§ **Work to be completed**: I'd like the data beneath this line reproduced exactly, without any of its images.
▼▼▼
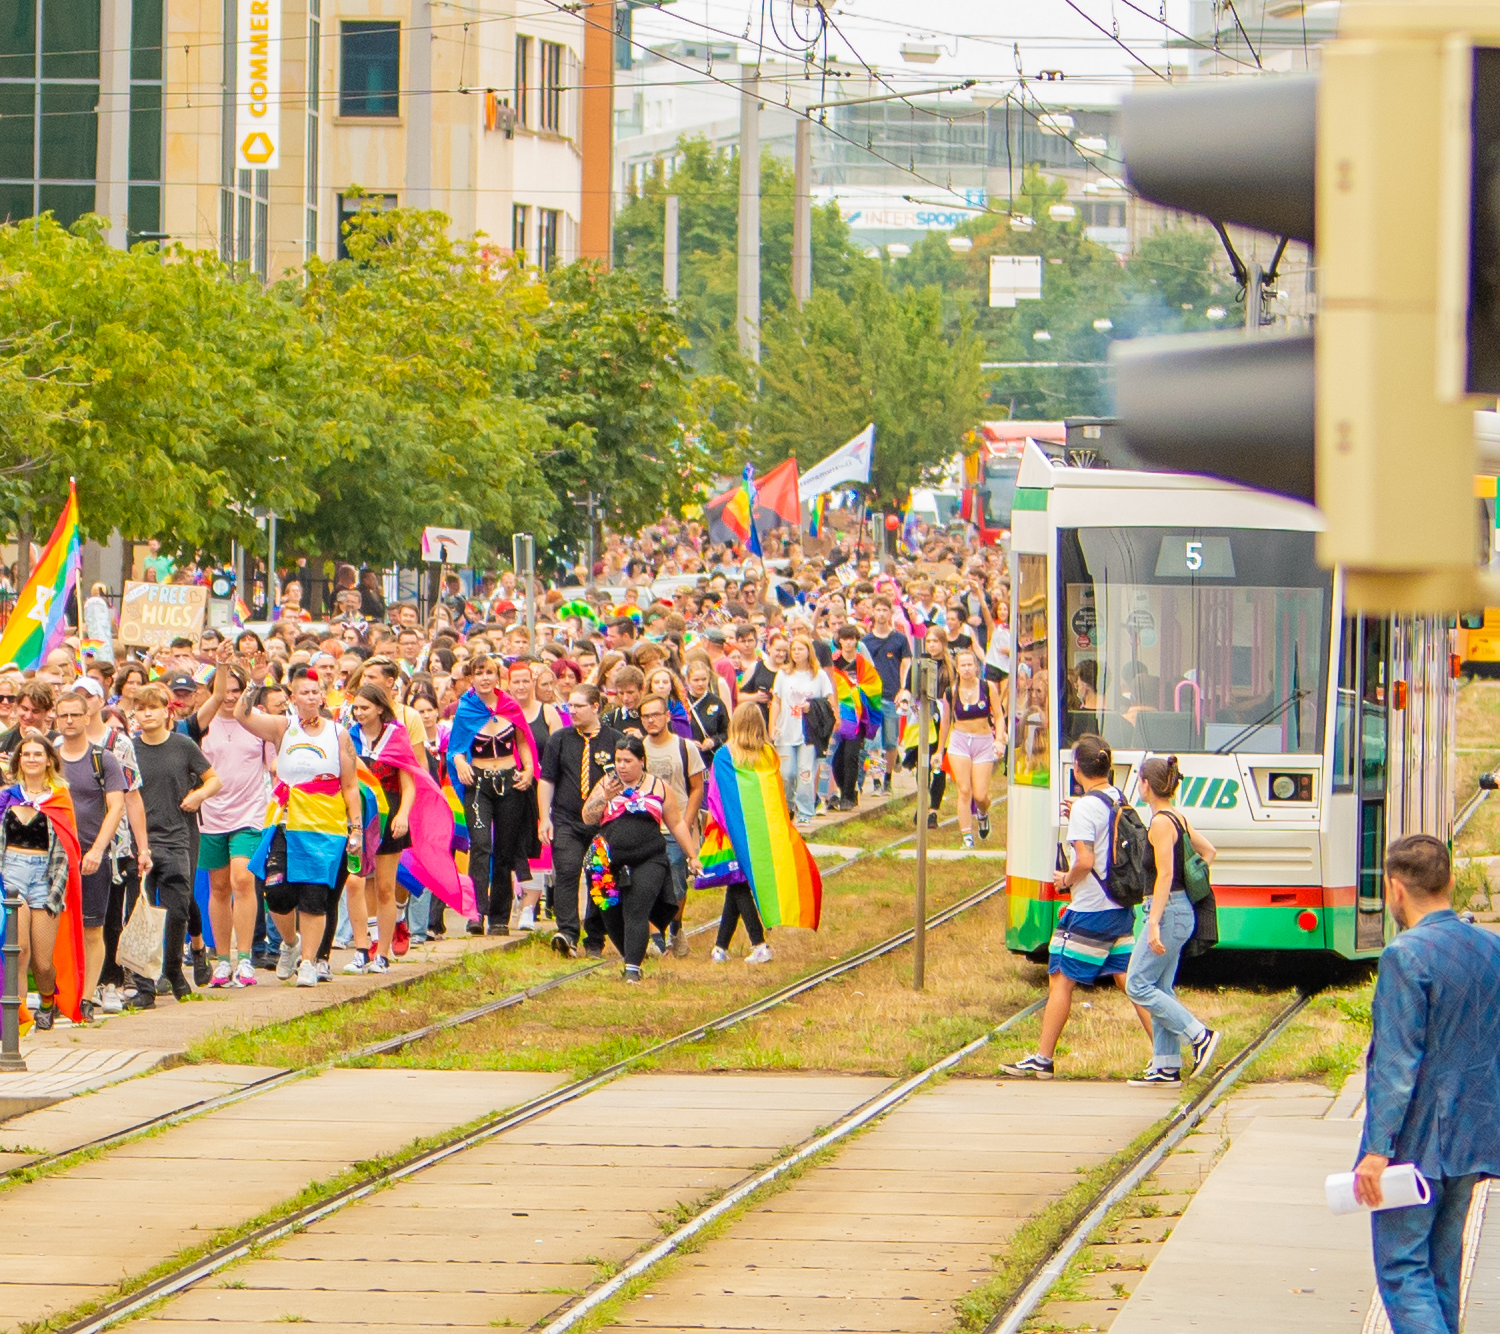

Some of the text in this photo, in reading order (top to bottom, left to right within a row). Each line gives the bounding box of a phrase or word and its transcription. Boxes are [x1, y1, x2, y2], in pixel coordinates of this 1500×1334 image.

[865, 211, 968, 226] INTERSPORT
[1186, 542, 1203, 570] 5
[148, 584, 189, 605] FREE
[141, 603, 193, 627] HUGS
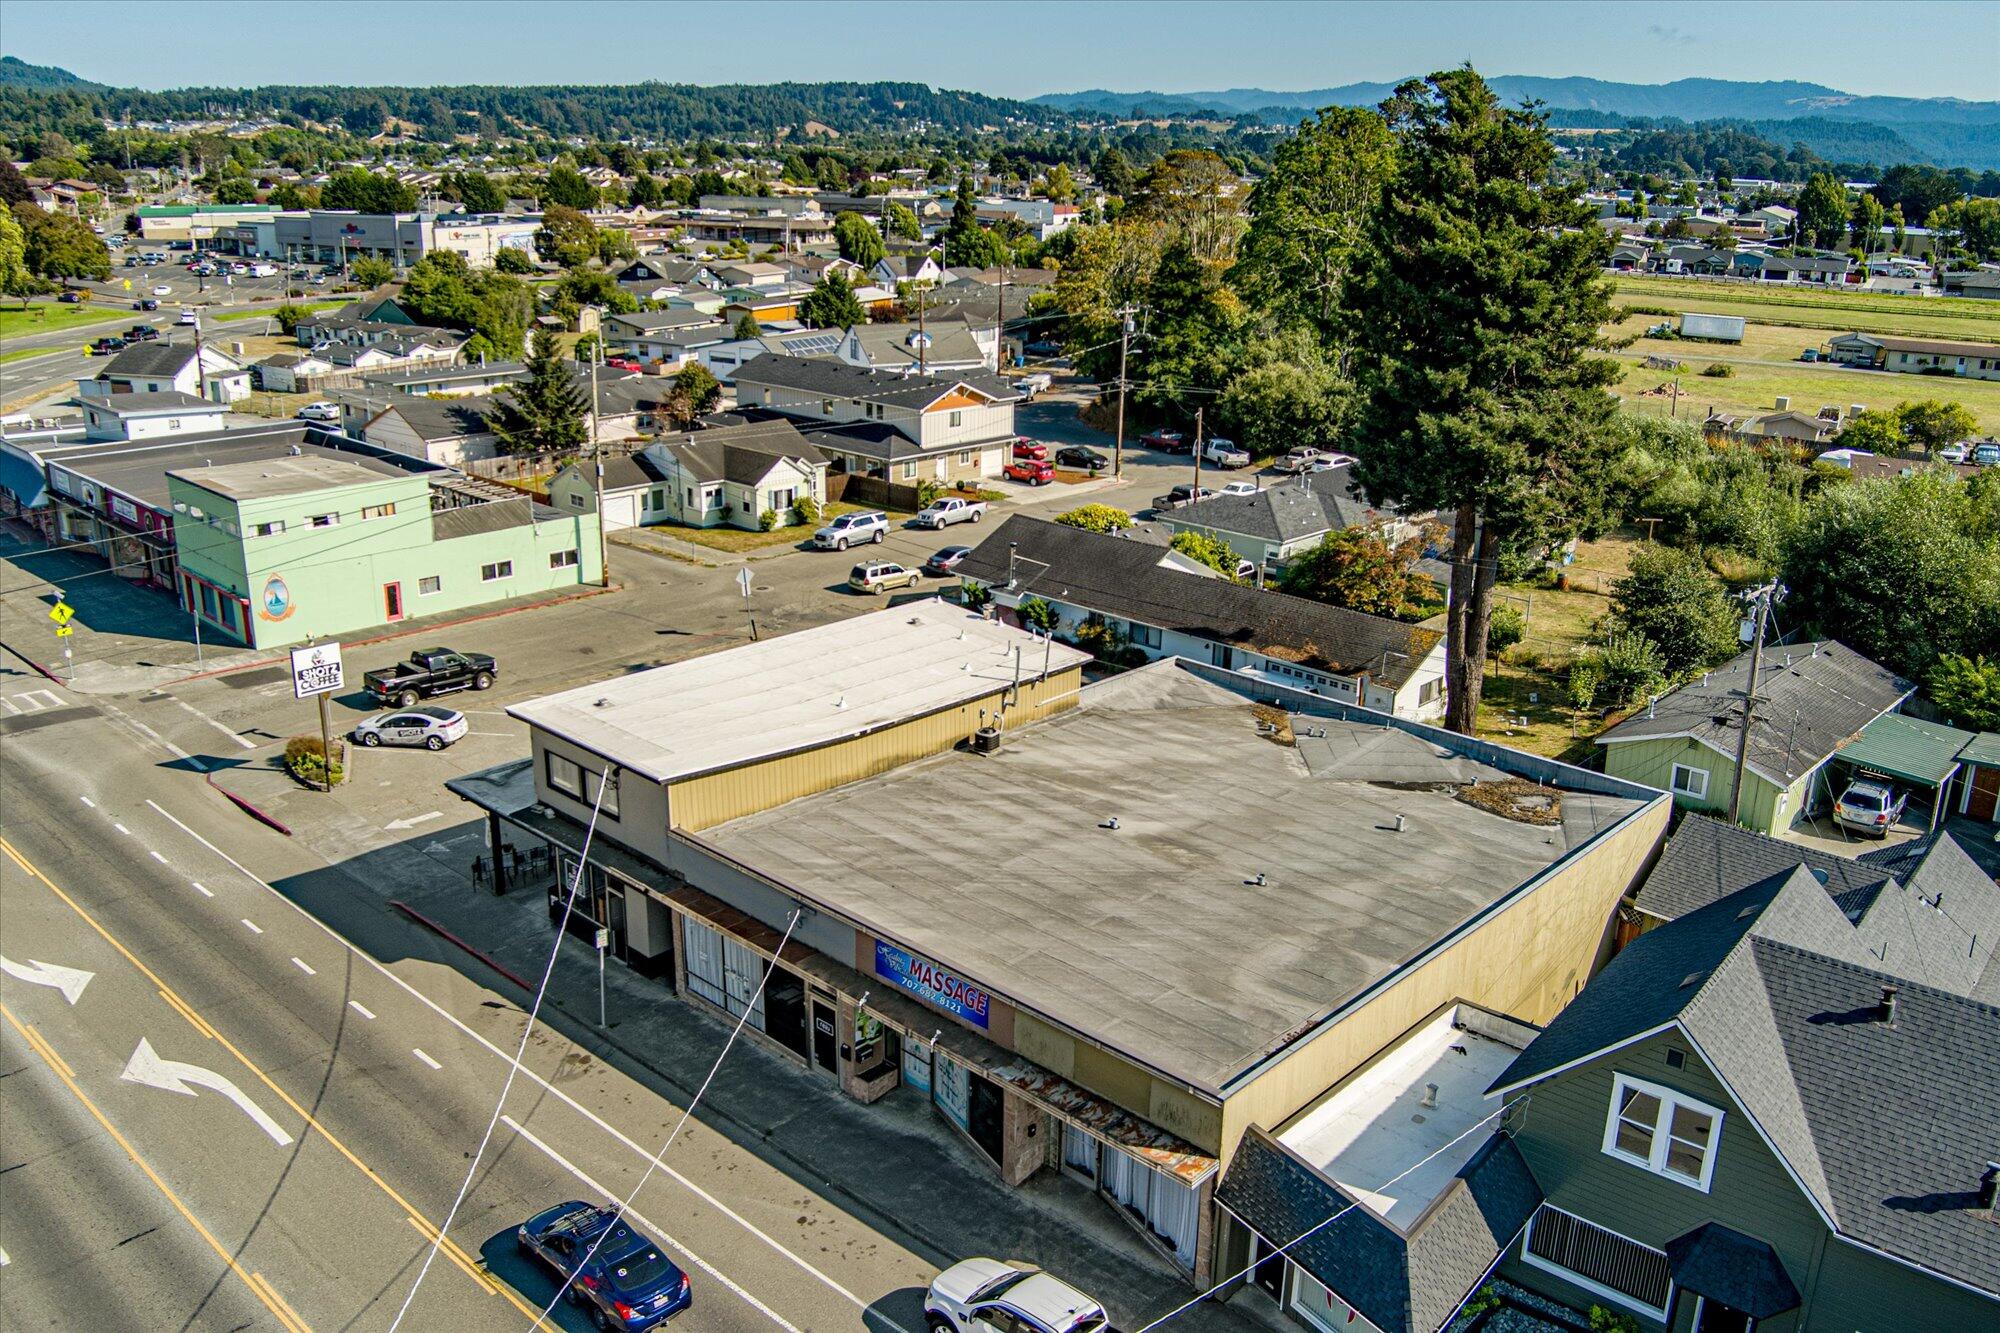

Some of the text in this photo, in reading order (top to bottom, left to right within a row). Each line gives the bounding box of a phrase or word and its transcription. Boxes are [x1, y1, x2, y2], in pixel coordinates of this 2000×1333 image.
▲▲▲
§ **Response for this exercise**:
Some of the text in this photo, in reading order (top to bottom, left to right within a row). Each line gives the bounding box of a phrase or word and its transcription. Boxes are [x1, y1, x2, y2], in pixel coordinates of this 1500×1334 image.

[865, 211, 968, 226] INTERSPORT
[1186, 542, 1203, 570] 5
[148, 584, 189, 605] FREE
[141, 603, 193, 627] HUGS

Some of the text in this photo, in reading order (top to bottom, left to right within a row). Each line gives the bounding box of a phrase or word and its transcription. Boxes are [x1, y1, x2, y2], in pixel coordinates of this 2000×1333 image.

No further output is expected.